Set down all of the records below exactly, please, omitting the images.

Stored data:
==*==

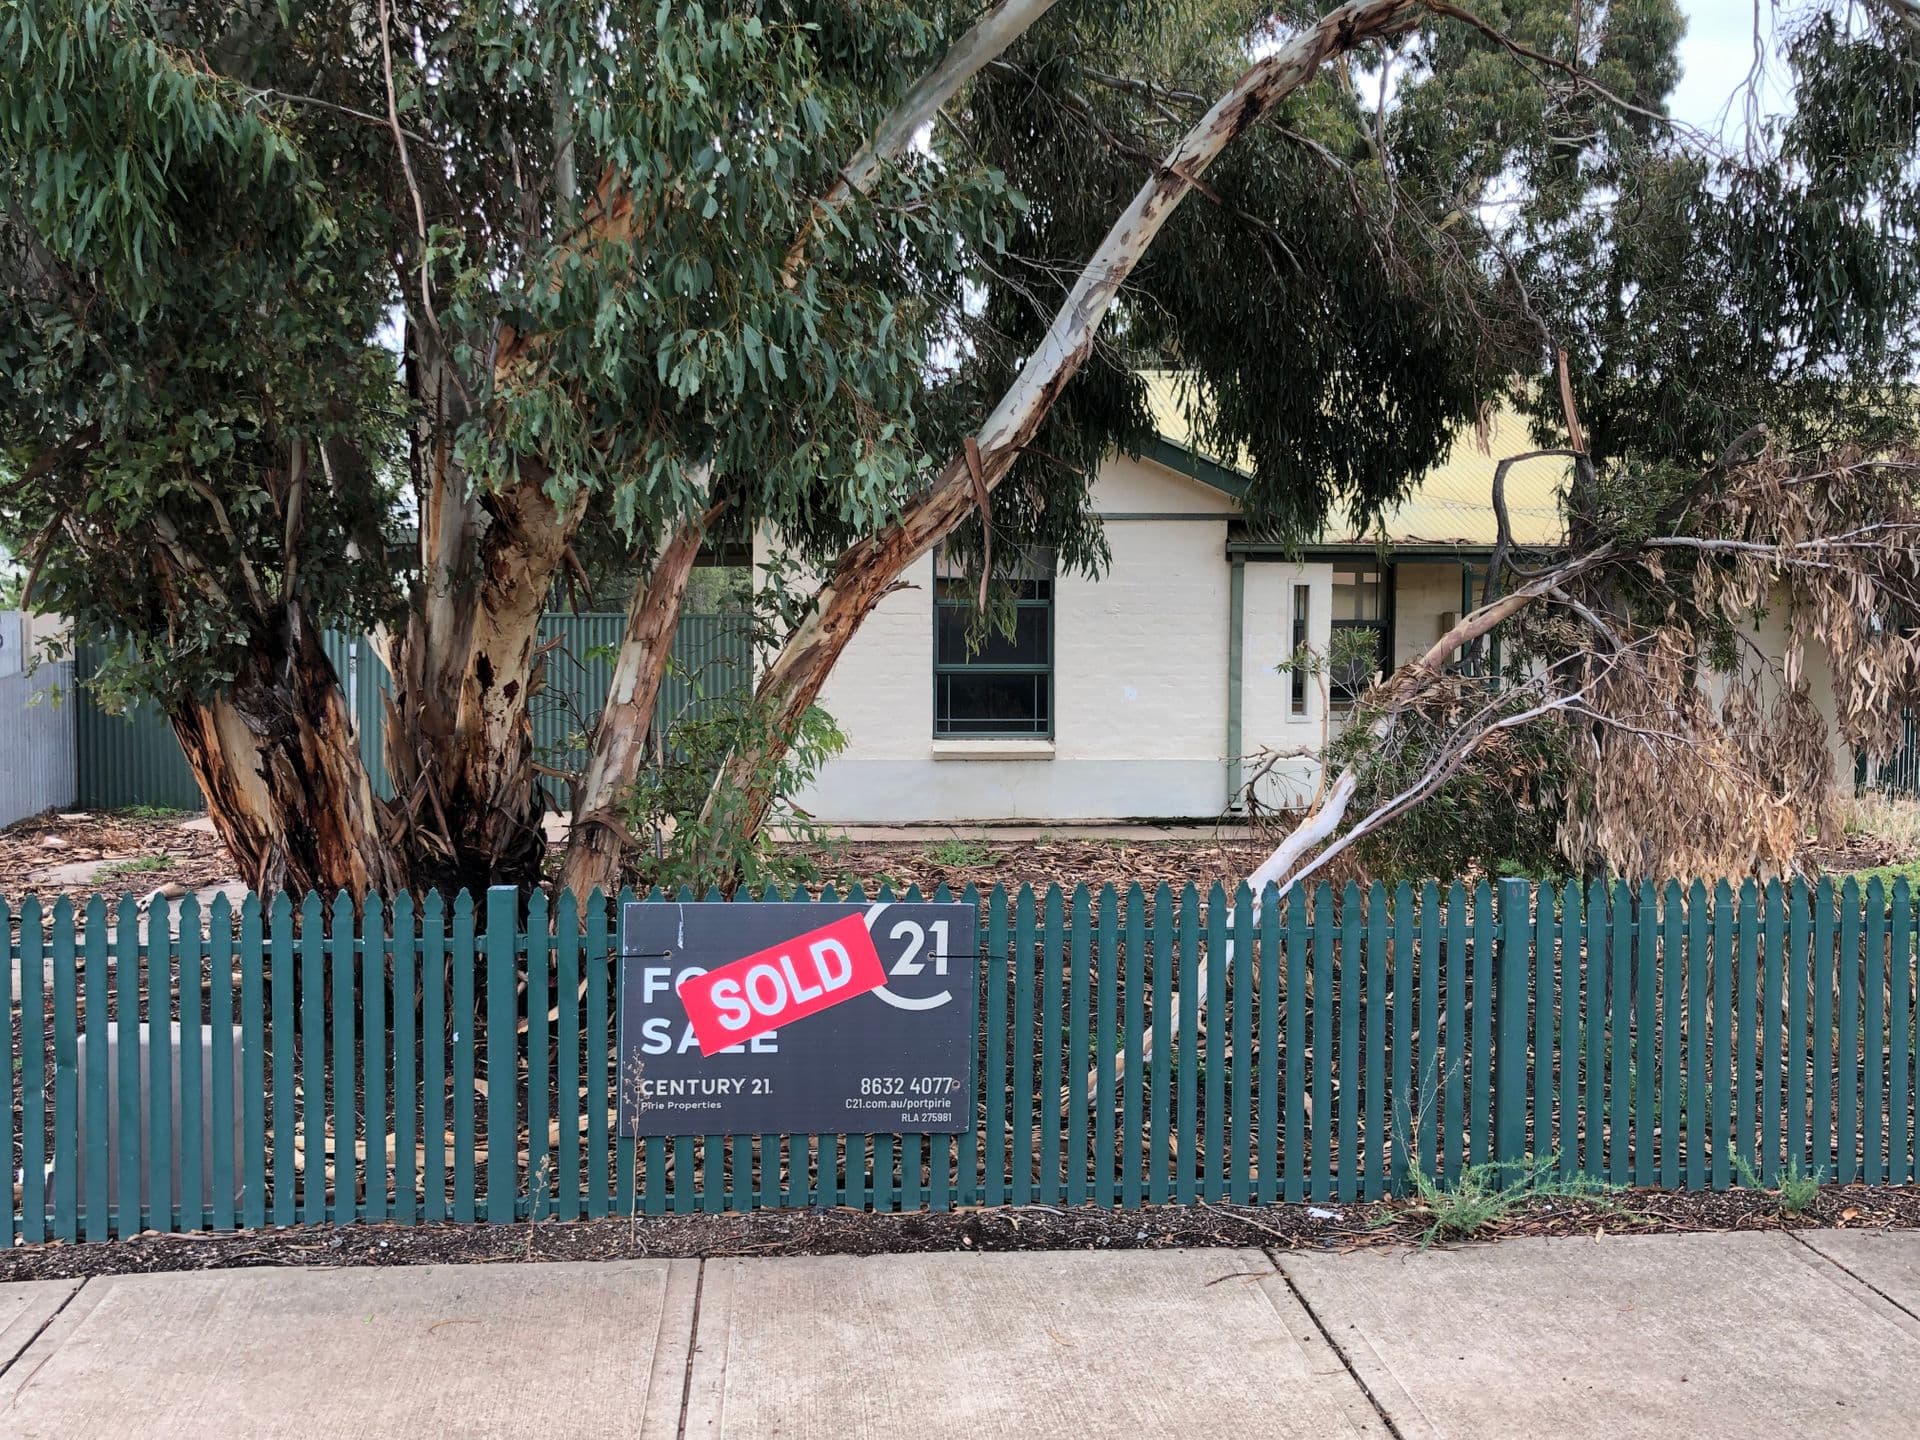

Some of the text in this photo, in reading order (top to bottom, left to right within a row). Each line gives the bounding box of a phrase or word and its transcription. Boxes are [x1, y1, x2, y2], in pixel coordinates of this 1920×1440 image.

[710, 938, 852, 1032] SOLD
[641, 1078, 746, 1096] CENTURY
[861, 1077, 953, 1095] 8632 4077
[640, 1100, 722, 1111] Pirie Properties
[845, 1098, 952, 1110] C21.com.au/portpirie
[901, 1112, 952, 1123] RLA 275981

==*==

§ Your response:
Some of the text in this photo, in reading order (top to bottom, left to right within a row). Each line gives the bounding box of a phrase or word and its transcription. Boxes are [x1, y1, x2, y2], in pixel coordinates of this 1920×1440 image.

[710, 938, 852, 1032] SOLD
[641, 1078, 746, 1096] CENTURY
[861, 1077, 953, 1095] 8632 4077
[640, 1100, 722, 1111] Pirie Properties
[845, 1098, 952, 1110] C21.com.au/portpirie
[901, 1112, 952, 1123] RLA 275981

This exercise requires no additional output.